### GIVEN DATA:

[Start of Attachment]

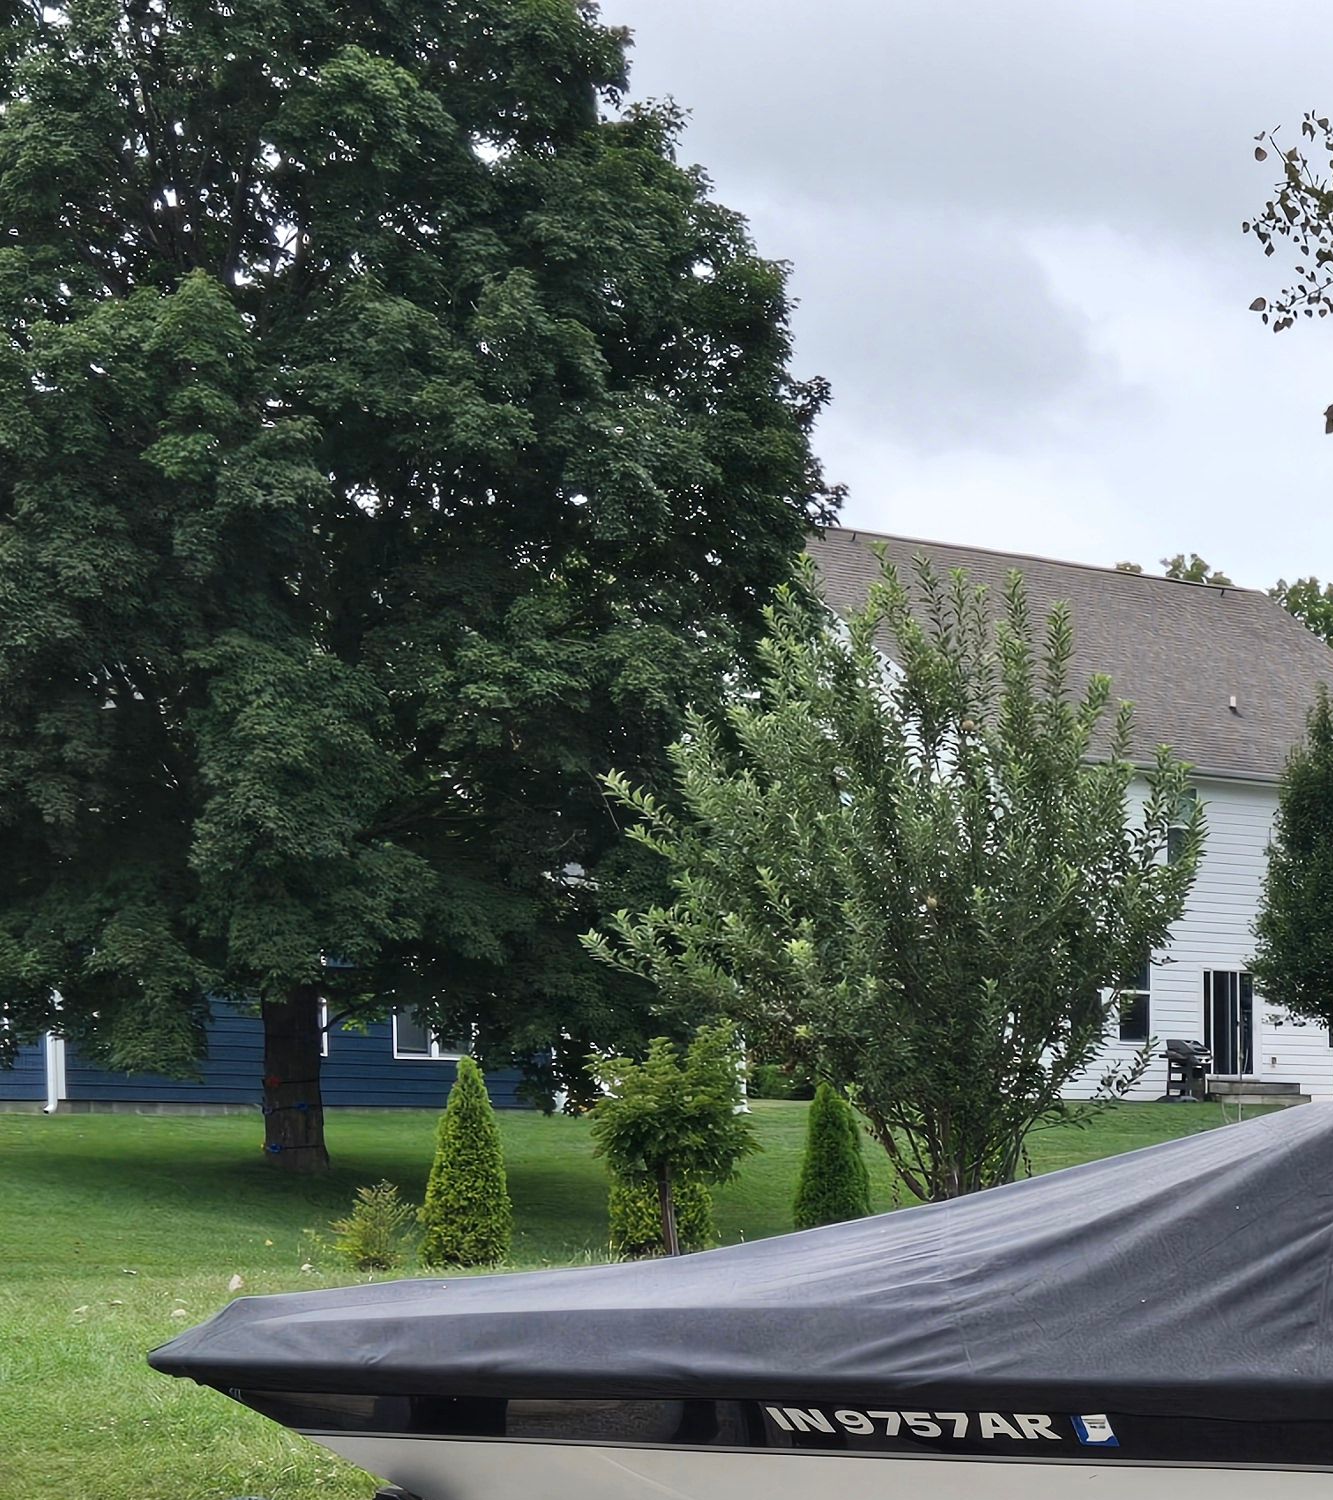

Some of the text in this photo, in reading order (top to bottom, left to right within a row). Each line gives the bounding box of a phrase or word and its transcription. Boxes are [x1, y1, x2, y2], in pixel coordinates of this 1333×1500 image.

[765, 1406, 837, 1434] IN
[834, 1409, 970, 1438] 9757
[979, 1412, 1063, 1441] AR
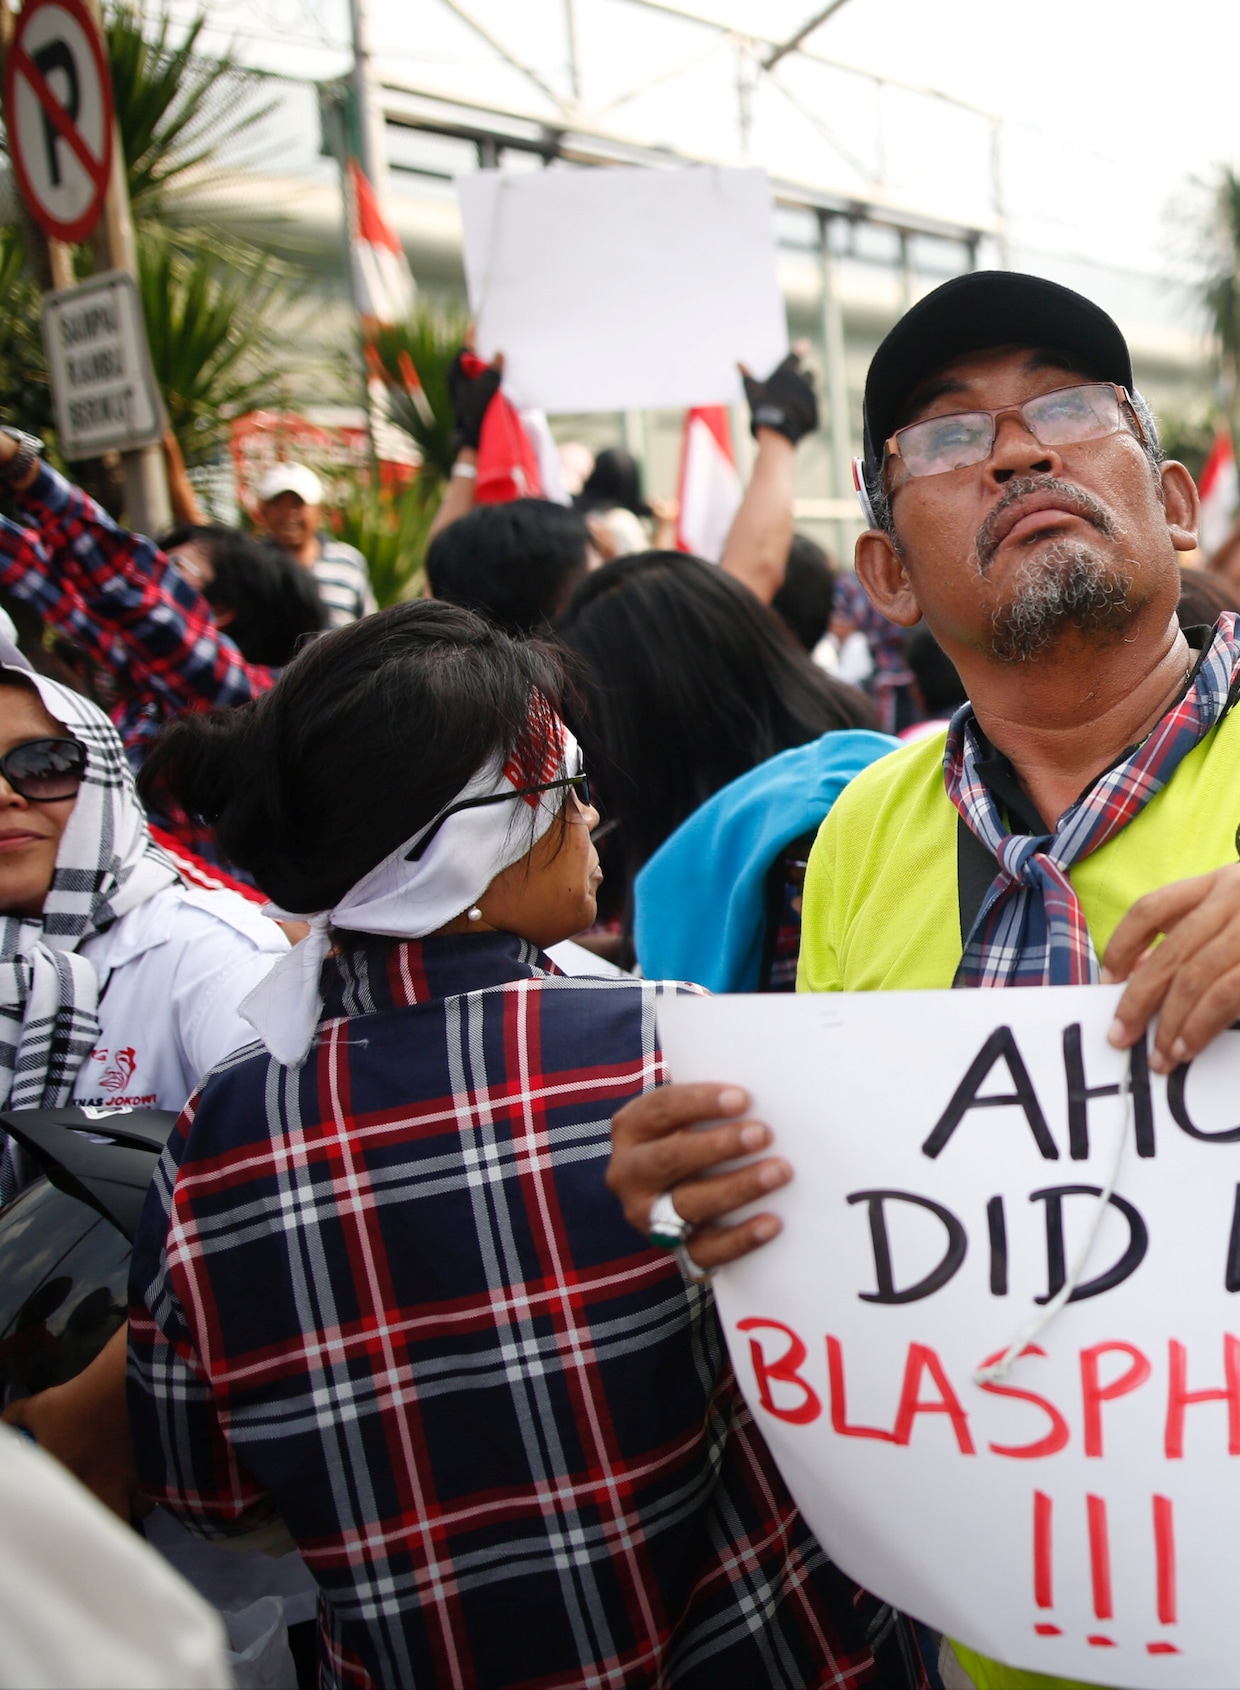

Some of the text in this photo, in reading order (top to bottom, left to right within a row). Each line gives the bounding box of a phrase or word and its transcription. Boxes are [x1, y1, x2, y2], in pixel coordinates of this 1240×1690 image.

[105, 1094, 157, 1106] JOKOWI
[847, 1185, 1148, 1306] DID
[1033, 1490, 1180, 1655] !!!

[End of Attachment]

### THE TASK:
Would you transcribe all of the data exactly, apart from its pictures?

### ANSWER TO THE EXERCISE:
Some of the text in this photo, in reading order (top to bottom, left to right within a row). Each line gives the bounding box of a phrase or word and its transcription. Boxes are [x1, y1, x2, y2], in pixel coordinates of this 1333×1500 image.

[765, 1406, 837, 1434] IN
[834, 1409, 970, 1438] 9757
[979, 1412, 1063, 1441] AR

Some of the text in this photo, in reading order (top to bottom, left to right within a row). Each line gives the bounding box of a phrase or word and its transcription. Boxes are [x1, y1, x2, y2], in pixel coordinates of this 1240×1690 image.

[105, 1094, 157, 1106] JOKOWI
[847, 1185, 1148, 1306] DID
[1033, 1490, 1180, 1655] !!!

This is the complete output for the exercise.